Identifying images in the biology literature that are problematic for people with a color-vision deficiency

  1. Harlan P Stevens
  2. Carly V Winegar
  3. Arwen F Oakley
  4. Stephen R Piccolo  Is a corresponding author
  1. Department of Biology, Brigham Young University, United States
25 figures and 7 additional files

Figures

Mean, pixel-wise color distance between each original and simulated image from eLife.

The histogram depicts the frequency distribution of this metric for 64,509 non-grayscale images.

Maximum color-distance ratio between each original and simulated image from eLife.

The histogram depicts the frequency distribution of this metric for 64,509 non-grayscale images.

Number of color pairs per image that exhibited a high color-distance ratio between the original and simulated images from eLife.

The histogram depicts the frequency distribution of this metric for 64,509 non-grayscale images.

Mean Euclidean spatial distance per image between pixels for high-ratio color pairs from eLife.
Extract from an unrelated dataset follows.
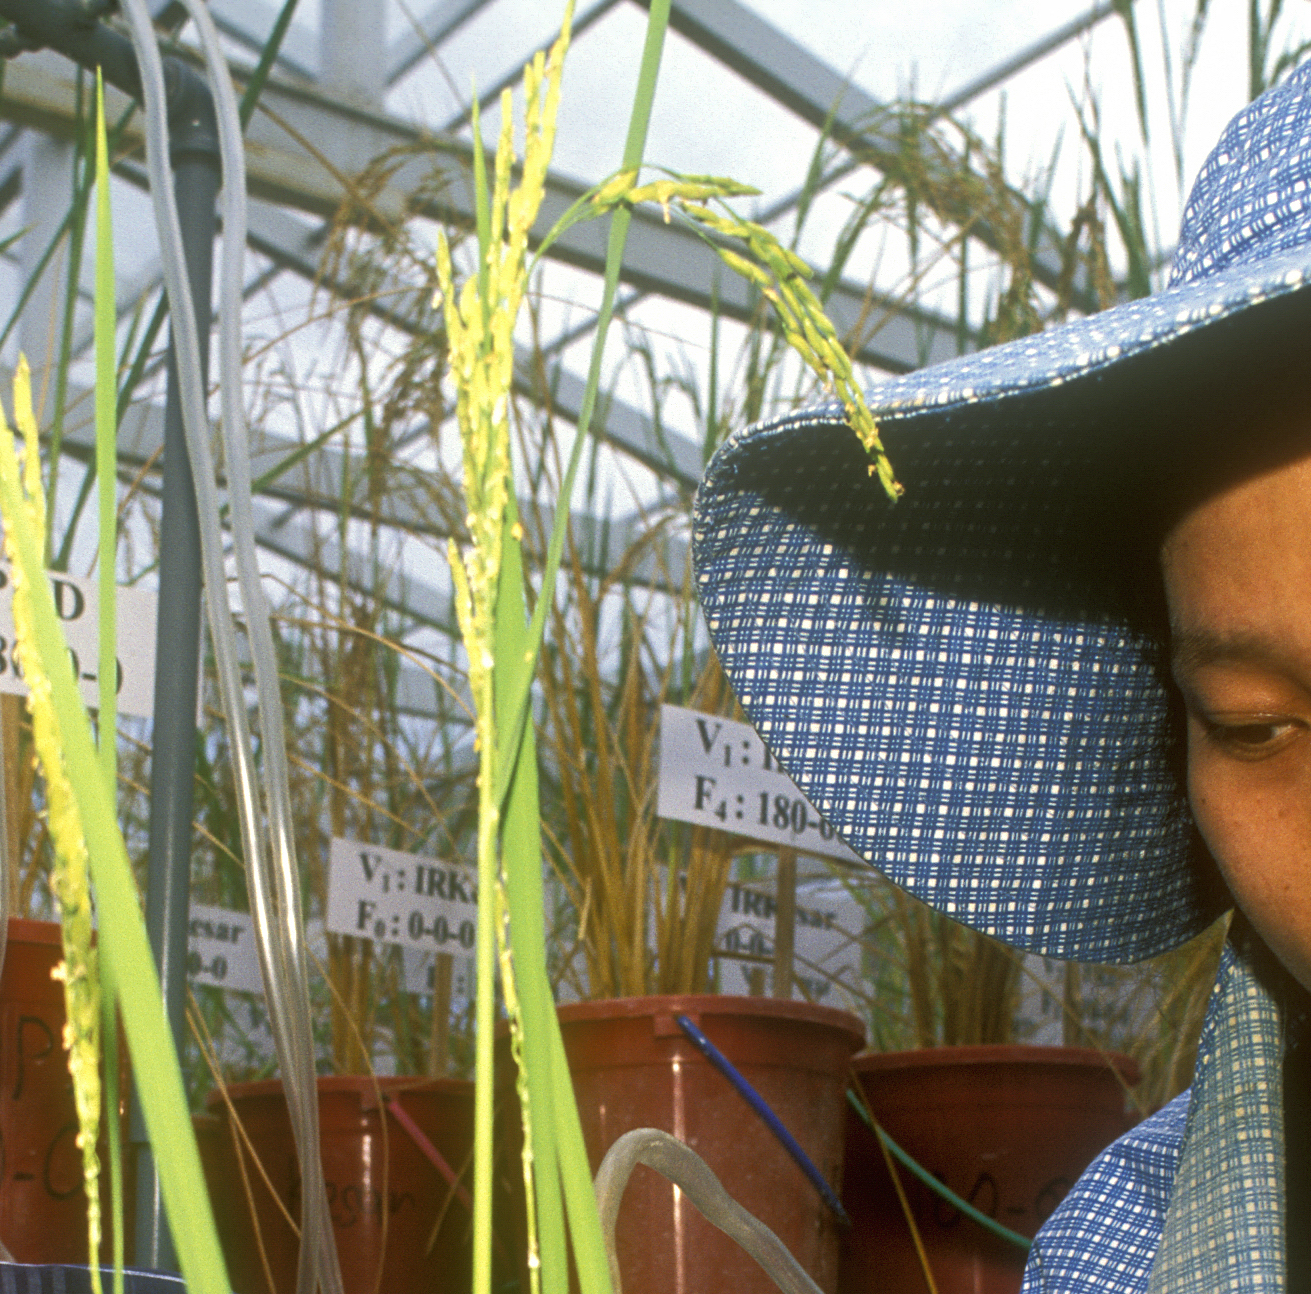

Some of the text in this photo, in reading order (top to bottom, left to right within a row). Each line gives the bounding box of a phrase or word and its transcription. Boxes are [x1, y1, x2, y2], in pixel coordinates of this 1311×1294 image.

[758, 791, 847, 844] 180-0
[189, 918, 245, 944] esar
[408, 911, 476, 949] 0-0-0
[187, 950, 229, 981] 0-0
The histogram depicts the frequency distribution of this metric for 64,509 non-grayscale images.

Proportion of pixels in each original image that used a color from one of the high-ratio color pairs from eLife.

The histogram depicts the frequency distribution of this metric for 64,509 non-grayscale images.
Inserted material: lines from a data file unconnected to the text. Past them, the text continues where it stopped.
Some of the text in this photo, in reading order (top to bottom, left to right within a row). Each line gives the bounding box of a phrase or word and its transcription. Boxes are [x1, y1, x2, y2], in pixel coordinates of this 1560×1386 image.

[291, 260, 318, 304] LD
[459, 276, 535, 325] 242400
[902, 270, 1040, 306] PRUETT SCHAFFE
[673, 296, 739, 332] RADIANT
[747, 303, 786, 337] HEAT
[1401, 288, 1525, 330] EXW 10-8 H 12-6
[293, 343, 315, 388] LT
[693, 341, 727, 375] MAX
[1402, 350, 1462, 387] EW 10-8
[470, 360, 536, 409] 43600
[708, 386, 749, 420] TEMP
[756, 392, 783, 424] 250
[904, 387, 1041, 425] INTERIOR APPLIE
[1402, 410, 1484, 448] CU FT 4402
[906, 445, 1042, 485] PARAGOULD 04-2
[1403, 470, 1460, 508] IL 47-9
Longitudinal trends for the eLife articles.

For the training set, we summarized our findings per article. This graph shows article counts for the ‘Definitely okay’ and ‘Definitely problematic’ categories for each year evaluated.

Trends by biology subdiscipline for the eLife articles.

For the training set, this graph shows the percentage of articles categorized as ‘Definitely problematic’ for a given subdiscipline, as indicated in the article metadata. In many cases, a single article was associated with multiple subdisciplines; these articles are shown as ‘Multidisciplinary’. We used a χ² goodness-of-fit test to calculate the p-value, with the overall proportion of each discipline as the expected probability.

Mean, pixel-wise color distance between each original and simulated image from eLife categorized as ‘Definitely okay’ or ‘Definitely problematic’.

We used a two-sided Mann-Whitney U test to calculate the p-value.

Maximum color-distance ratio between each original and simulated image from eLife categorized as ‘Definitely okay’ or ‘Definitely problematic’.

We used a two-sided Mann-Whitney U test to calculate the p-value.

Number of high-ratio color pairs per image from eLife categorized as ‘Definitely okay’ or ‘Definitely problematic’.

We used a two-sided Mann-Whitney U test to calculate the p-value.

Proportion of pixels for high-ratio color pairs for images from eLife categorized as ‘Definitely okay’ or ‘Definitely problematic’.

We used a two-sided Mann-Whitney U test to calculate the p-value.

Mean, pixel-wise Euclidean distance for high-ratio color pairs in images from eLife categorized as ‘Definitely okay’ or ‘Definitely problematic’.

We used a two-sided Mann-Whitney U test to calculate the p-value.

Rank-based metric score for images from eLife categorized as ‘Definitely okay’ or ‘Definitely problematic’.

We used a two-sided Mann-Whitney U test to calculate the p-value.

Logistic Regression predictions for the images in the eLife hold-out test set.

Each point represents the prediction for an individual image. Relatively high confidence scores indicate that the model had more confidence that a given image was ‘Definitely problematic’ for a person with deuteranopia.

Receiver operating characteristic curve for the Logistic Regression predictions for the images in the eLife hold-out test set.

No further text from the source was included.